►
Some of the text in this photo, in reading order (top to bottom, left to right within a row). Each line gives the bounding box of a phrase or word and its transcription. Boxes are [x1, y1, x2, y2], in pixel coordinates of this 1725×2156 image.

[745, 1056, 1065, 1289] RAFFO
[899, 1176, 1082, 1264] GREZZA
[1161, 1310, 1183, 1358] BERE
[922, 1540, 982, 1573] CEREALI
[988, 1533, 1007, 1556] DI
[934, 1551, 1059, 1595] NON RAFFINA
◄
Problem to solve:
Transcribe the data above in full, exactly as it appears.

Task answer:
Some of the text in this photo, in reading order (top to bottom, left to right within a row). Each line gives the bounding box of a phrase or word and its transcription. Boxes are [x1, y1, x2, y2], in pixel coordinates of this 1725×2156 image.

[745, 1056, 1065, 1289] RAFFO
[899, 1176, 1082, 1264] GREZZA
[1161, 1310, 1183, 1358] BERE
[922, 1540, 982, 1573] CEREALI
[988, 1533, 1007, 1556] DI
[934, 1551, 1059, 1595] NON RAFFINA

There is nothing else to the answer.